Organizers of Jesus in the Park, an annual event put on by Trinity United Methodist Church in Rome, Ga., saw 1,600 families each take home 50 pounds of shelf-stable food at absolutely no cost to them.
In addition, members of the community could also spend the afternoon at Rome's Ridge Ferry Park listening to free concerts, eating free hot dogs and cotton candy, and playing free games.
Grant Magness, director of youth at Trinity UMC and the organizer of the event, said the church offered everything for free as a means of making sure that no one, regardless of their income level, would be excluded.
“The idea is that, in the kingdom of God, it doesn't matter if we have money or not,” he told The Christian Post on Monday.
Cathy Aiken Freeman, the pantry operations coordinator for Action Ministries-Rome, told the Rome News-Tribune that people began lining up for the bags of food at 5:45 a.m. even though the event wasn't scheduled to start until noon.
Magness said that by 2:30 p.m. about 50,000 pounds of food had already been given away. He estimates that somewhere between 75,000 and 100,000 pounds had been distributed by the end of the event. Any leftover food items were returned to a food pantry to be given away on another day.
The church's youth group, Magness said, was the real organizer of Jesus in the Park.

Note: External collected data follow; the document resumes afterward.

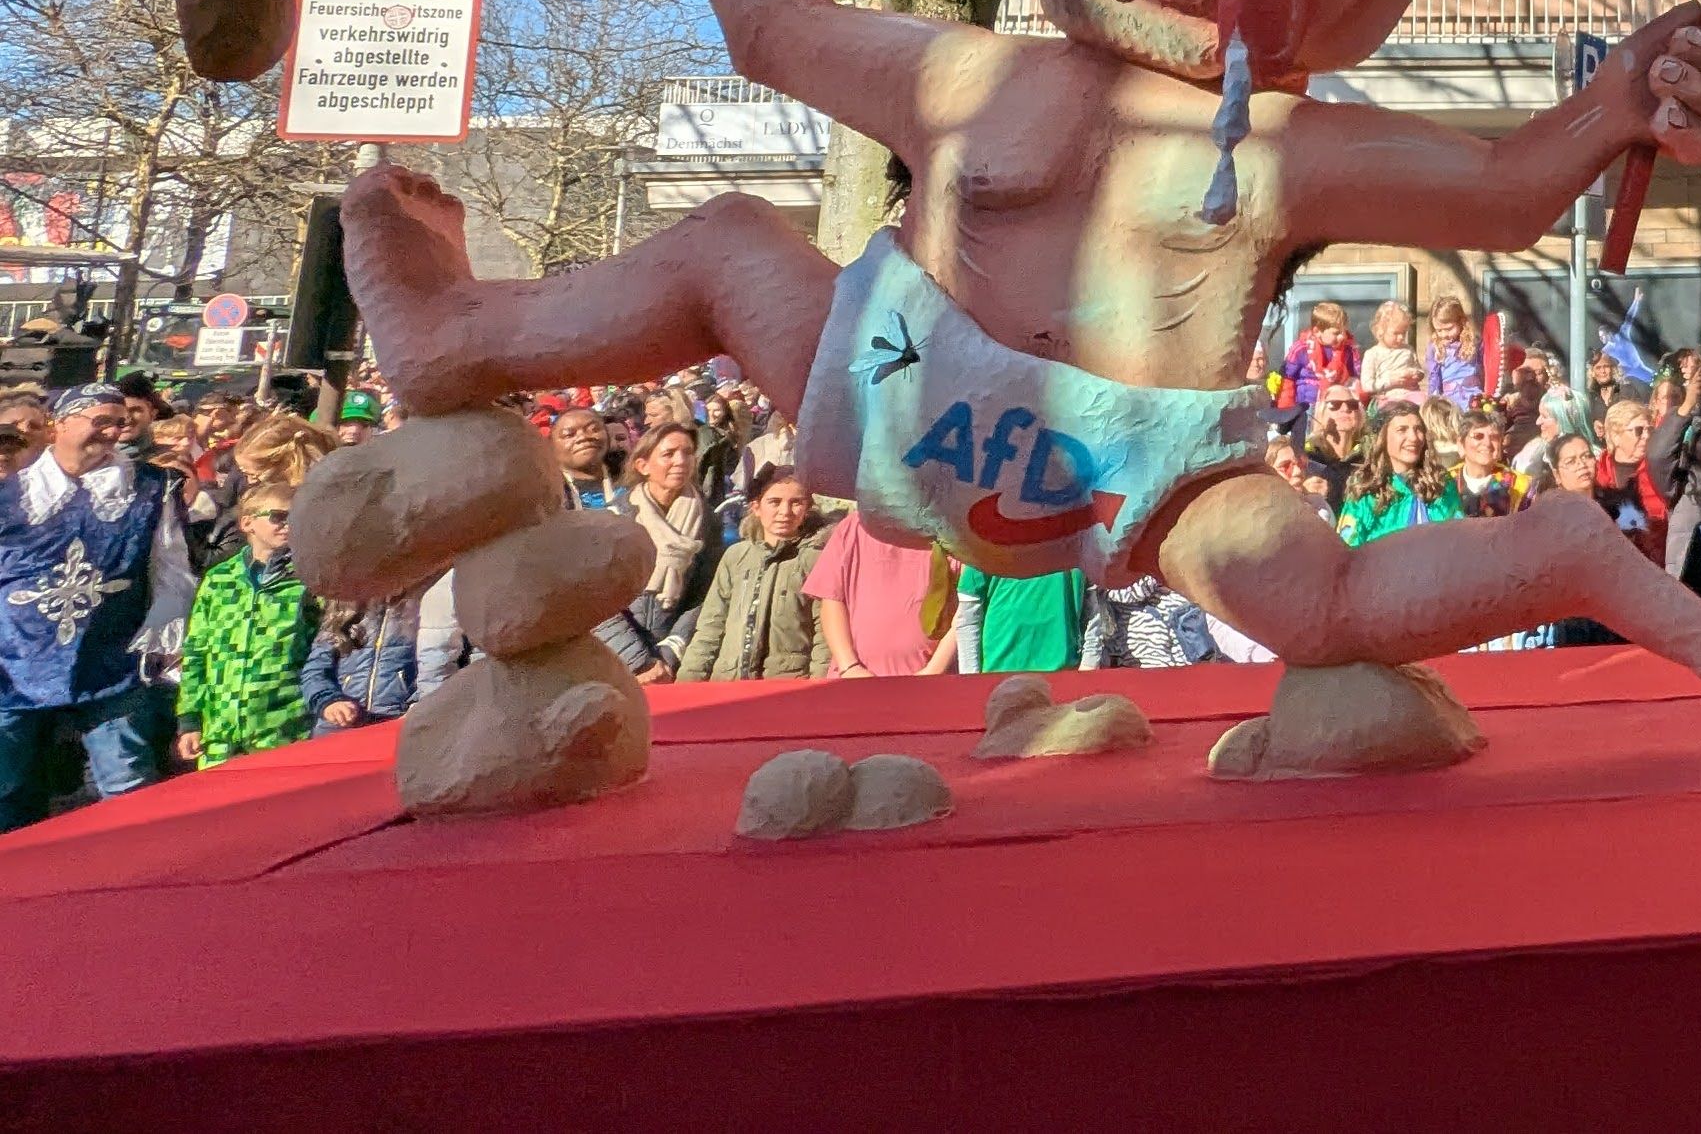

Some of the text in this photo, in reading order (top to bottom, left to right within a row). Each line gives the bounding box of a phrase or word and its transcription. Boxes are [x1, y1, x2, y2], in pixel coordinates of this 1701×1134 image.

[309, 0, 463, 20] Feuersicheitszone
[319, 26, 450, 48] verkehrswidrig
[333, 48, 430, 68] abgestellte
[298, 68, 458, 90] Fahrzeuge werden
[317, 91, 435, 114] abgeschleppt
[901, 400, 1095, 506] AfD

Not only did they help staff the event Sunday afternoon, but they also took the lead when it came to planning and fund-raising.
“Our church is very outreach minded,” David Campbell, pastor of Trinity UMC, told The Christian Post. “And when you have this kind of need on this kind of scale, not only do our folks catch that vision and get behind, but it is contagious.”

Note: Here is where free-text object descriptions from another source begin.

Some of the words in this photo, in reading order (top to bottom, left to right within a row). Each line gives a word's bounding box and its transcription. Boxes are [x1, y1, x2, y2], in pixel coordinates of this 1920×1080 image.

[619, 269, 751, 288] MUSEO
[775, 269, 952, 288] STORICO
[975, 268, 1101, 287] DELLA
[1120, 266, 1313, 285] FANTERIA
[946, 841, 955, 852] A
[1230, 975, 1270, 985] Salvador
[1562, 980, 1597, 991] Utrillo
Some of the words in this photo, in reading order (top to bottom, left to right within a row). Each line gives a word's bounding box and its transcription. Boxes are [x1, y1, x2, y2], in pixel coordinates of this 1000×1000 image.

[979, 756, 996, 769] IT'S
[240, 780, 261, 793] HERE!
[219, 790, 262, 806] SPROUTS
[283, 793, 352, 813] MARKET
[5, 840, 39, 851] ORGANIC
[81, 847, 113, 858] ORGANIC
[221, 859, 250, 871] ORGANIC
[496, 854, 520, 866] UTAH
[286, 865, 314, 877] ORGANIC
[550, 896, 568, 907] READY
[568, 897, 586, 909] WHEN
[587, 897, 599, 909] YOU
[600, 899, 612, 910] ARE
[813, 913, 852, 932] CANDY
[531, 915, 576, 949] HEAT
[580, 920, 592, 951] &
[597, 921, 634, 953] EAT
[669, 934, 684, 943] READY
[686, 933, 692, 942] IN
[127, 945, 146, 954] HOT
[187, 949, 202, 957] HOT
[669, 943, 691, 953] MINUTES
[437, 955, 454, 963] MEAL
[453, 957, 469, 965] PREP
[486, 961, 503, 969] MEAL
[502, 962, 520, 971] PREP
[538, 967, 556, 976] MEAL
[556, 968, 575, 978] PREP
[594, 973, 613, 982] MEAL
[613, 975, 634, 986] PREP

Two years ago, Campbell said, the Atlanta Community Food Bank (ACFB) contacted Action Ministries-Rome, a food-assistance ministry that helps with Jesus in the Park, and said it had received stimulus money and could offer 100,000 pounds of food to a venue that could distribute it. Jesus in the Park became that venue for two years, but the ACFB was unable to make the same offer this year.

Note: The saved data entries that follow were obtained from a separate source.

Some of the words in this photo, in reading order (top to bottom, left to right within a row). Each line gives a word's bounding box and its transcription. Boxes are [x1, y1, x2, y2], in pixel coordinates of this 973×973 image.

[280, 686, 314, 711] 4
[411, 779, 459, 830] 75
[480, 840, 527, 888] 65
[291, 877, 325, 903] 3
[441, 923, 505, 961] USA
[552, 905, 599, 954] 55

Campbell estimates the total cost of this year's event to be nearly $20,000 once all the expenses have been totaled. He said that members of the community and local businesses contributed about 40 percent of the total donations this year, while his congregation covered the other 60 percent.
“We want anybody who wants to come to feel welcome,” said Campbell. “The idea is we want a kind of a small picture of, 'What will the kingdom of God look like?' It will look like a big celebration where nobody feels like, 'Well, I can't come because I can't afford it.' Nobody feels like, 'I'm going to be out of place.' All you have to do is show up.”